Fintech is one of the newer buzzwords to hit business lexicon and it means essentially what it says – the convergence of financial services and technology. Given the critically important economic role of the IFSC and our thriving technology sector, it could prove a real opportunity for Ireland in the coming years.
The question is where the opportunities lie. Despite signs of stability returning to much of the world economy, established financial services institutions remain under huge pressure. Boards of banks, insurance companies and other financial services organisations have to manage the expectations of shareholders, regulators and government. They are tasked with avoiding the mistakes of the past and delivering a return to profitable growth while coping with massive technological disruption.
Rapidly growing payments facilitator Stripe is a superb example of a company disrupting the payments industry. That company is intent on simplifying how organisations accept payments and as a consequence is disrupting more traditional bank driven channels.
Interestingly, Stripe, which now processes billions of payments every year, initially set out to be appealing to coders and other tech-savvy businesses. The company has operated in part on the premise that site developers could have a significant input into the choice of payment systems businesses would end up choosing.
This was perhaps not a huge surprise given that founders Patrick and John Collison are coders themselves. However, recognising that not everyone codes, Stripe is implemented via a relatively straightforward interface and merchants are free to customise their user interface so that their customers have a seamless transaction experience. This type of disruptive technology poses a myriad of challenges for long-established organisations.

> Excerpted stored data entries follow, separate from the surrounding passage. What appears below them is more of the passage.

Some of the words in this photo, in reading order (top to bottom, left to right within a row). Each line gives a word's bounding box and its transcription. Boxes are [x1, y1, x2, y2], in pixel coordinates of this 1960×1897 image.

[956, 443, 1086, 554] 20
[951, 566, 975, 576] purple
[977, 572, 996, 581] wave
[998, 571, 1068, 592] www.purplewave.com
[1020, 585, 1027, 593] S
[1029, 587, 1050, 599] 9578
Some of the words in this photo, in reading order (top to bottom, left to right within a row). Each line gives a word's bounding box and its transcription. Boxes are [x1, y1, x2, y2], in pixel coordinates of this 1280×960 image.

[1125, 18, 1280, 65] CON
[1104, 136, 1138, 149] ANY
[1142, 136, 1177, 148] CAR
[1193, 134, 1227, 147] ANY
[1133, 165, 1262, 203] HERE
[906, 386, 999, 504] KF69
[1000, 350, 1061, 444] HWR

"Established financial services businesses are grappling with disruption to business models but also with unprecedented regulatory obligations, new corporate structures, stretching customer acquisition targets and ever-present risk," says Darina Barrett, head of financial services markets at KPMG in Ireland. "Technology can support management efforts to manage these issues more efficiently and cost effectively."
Myriad of rules
According to Barrett, issues such as Fatca (the US Foreign Account Tax Compliance Act) and AIFMD (the EU Alternative Investment Fund Managers Directive) highlight just a few of the areas where technology can assist. “There is a lot of effort and responsibility required to verify whether a fund is compliant with the myriad of rules required, for example. Increasingly, we are finding that tailored technology solutions are playing a role in helping decision-makers adhere to the regulations.”
Therein lies at least part of the opportunity. Barrett's KPMG colleague, Dublin-based tax partner Anna Scally, works with a range of high-growth tech companies and is enthused by the potential opportunity offered by fintech.

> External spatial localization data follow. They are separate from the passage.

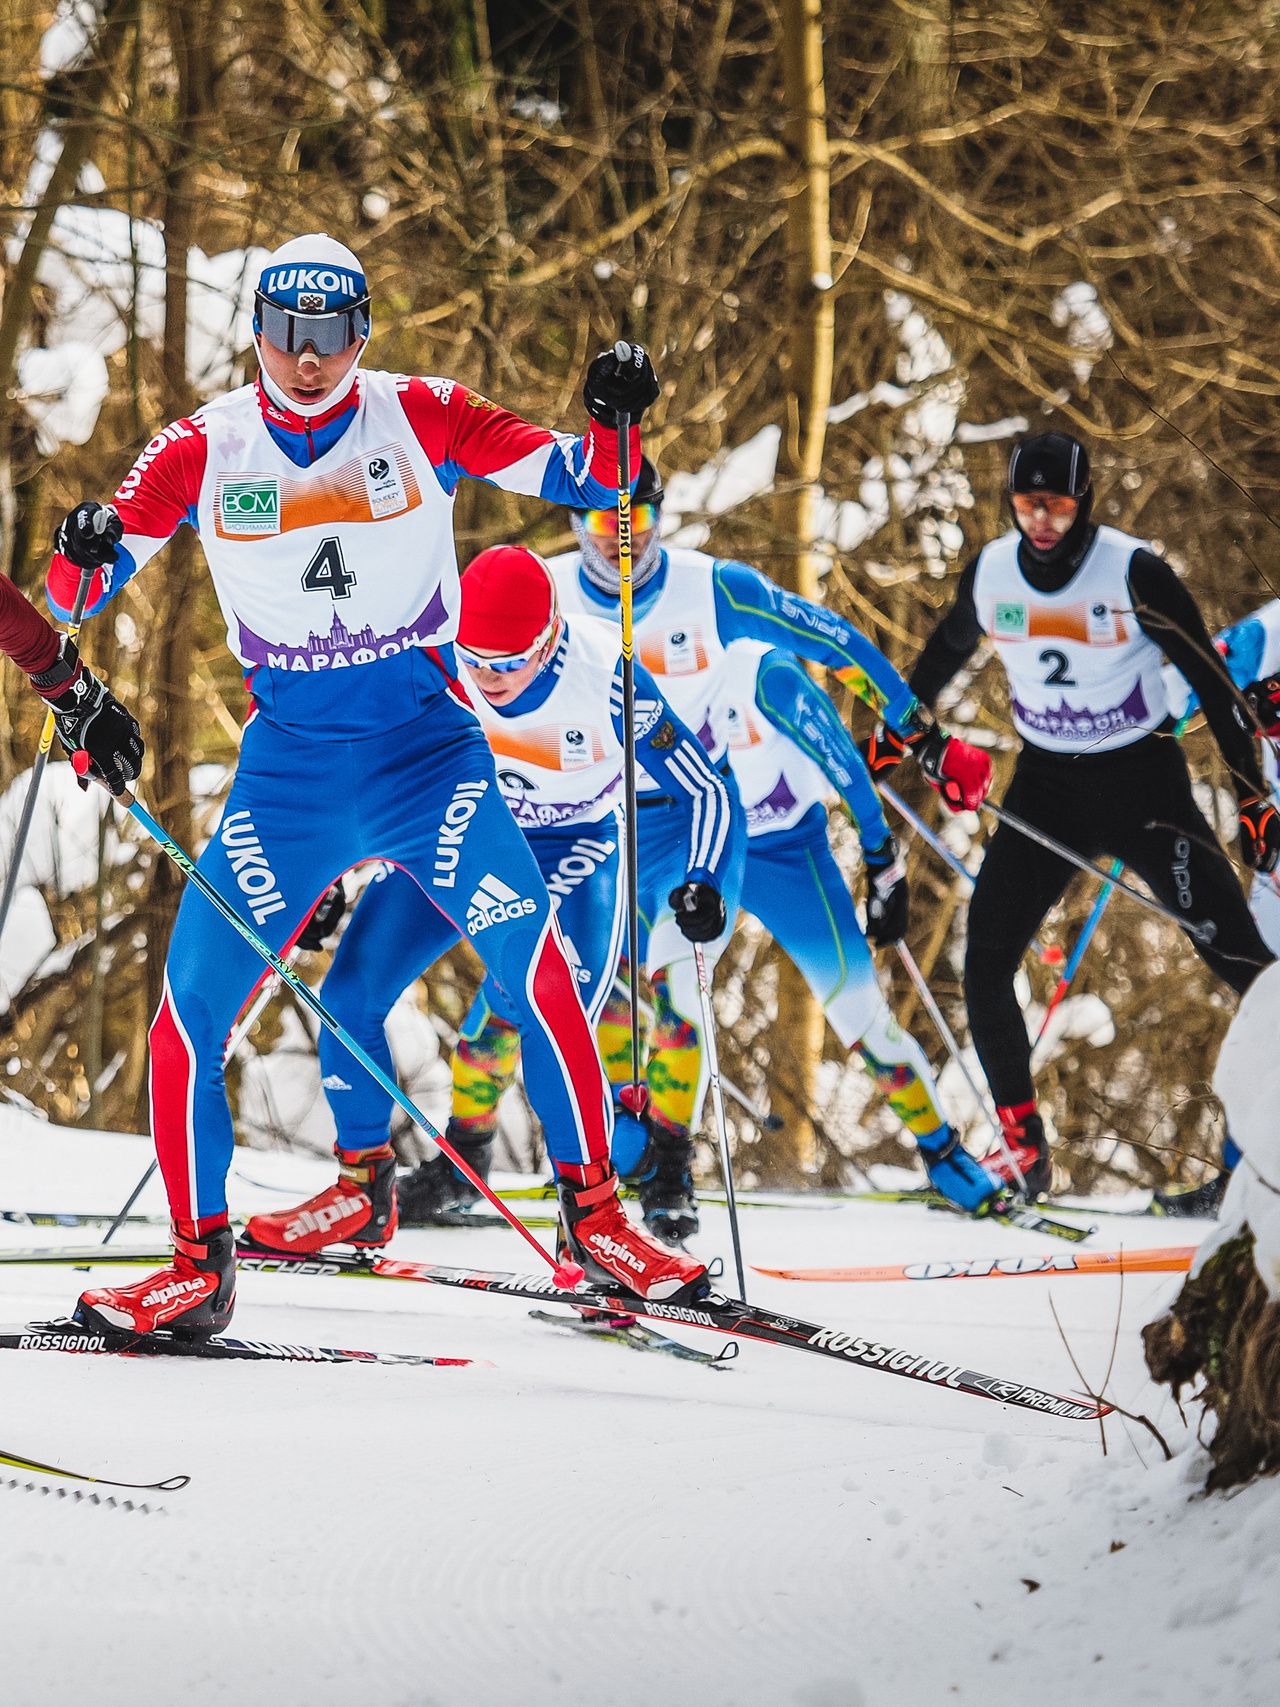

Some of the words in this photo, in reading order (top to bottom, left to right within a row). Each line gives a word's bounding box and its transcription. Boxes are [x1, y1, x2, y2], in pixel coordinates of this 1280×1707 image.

[268, 269, 357, 299] LUKOIL
[115, 421, 194, 500] LUKOIL
[301, 536, 357, 600] 4
[267, 631, 421, 672] МАРАФОН
[1039, 650, 1077, 686] 2
[433, 779, 489, 888] LUKOIL
[221, 810, 287, 926] LUKOIL
[1172, 837, 1193, 909] odlo
[467, 898, 537, 937] adidas
[282, 1192, 373, 1243] alpin
[589, 1232, 646, 1274] alpina
[902, 1254, 1078, 1280] YOKO
[141, 1277, 207, 1308] alpina
[643, 1301, 718, 1328] ROSSIGNOL
[19, 1334, 107, 1351] ROSSIGNOL
[807, 1327, 968, 1388] ROSSIGNOL
[1016, 1389, 1092, 1419] PREMIUM

“It is very clear that the use of technology can deliver huge efficiencies in many areas for financial services companies. Opportunities abound to improve many business processes including dealing with risk, anti-money-laundering efforts or mitigating the risk of cyber-crime.”
Technology can also be paramount in improving customer experience and taking on new competition which is coming from beyond the traditional financial services players and from the technology development companies themselves, according to Scally.
“New technologies”
“New technologies are revolutionising what was once the preserve of banks and other traditional FS players,” she says. “Mobile banking, simplified payment mechanisms, digital wallets, peer-to-peer lending and crowd-funding are all now becoming part of common parlance and are only possible because of technology.
“Technology is driving the creation of new business models, new platforms and new ways of delivering services to clients. Aside from the benefits tech can bring to financial services, the financial services arena offers huge potential for tech companies. However, monetising technological innovation can be a huge challenge.”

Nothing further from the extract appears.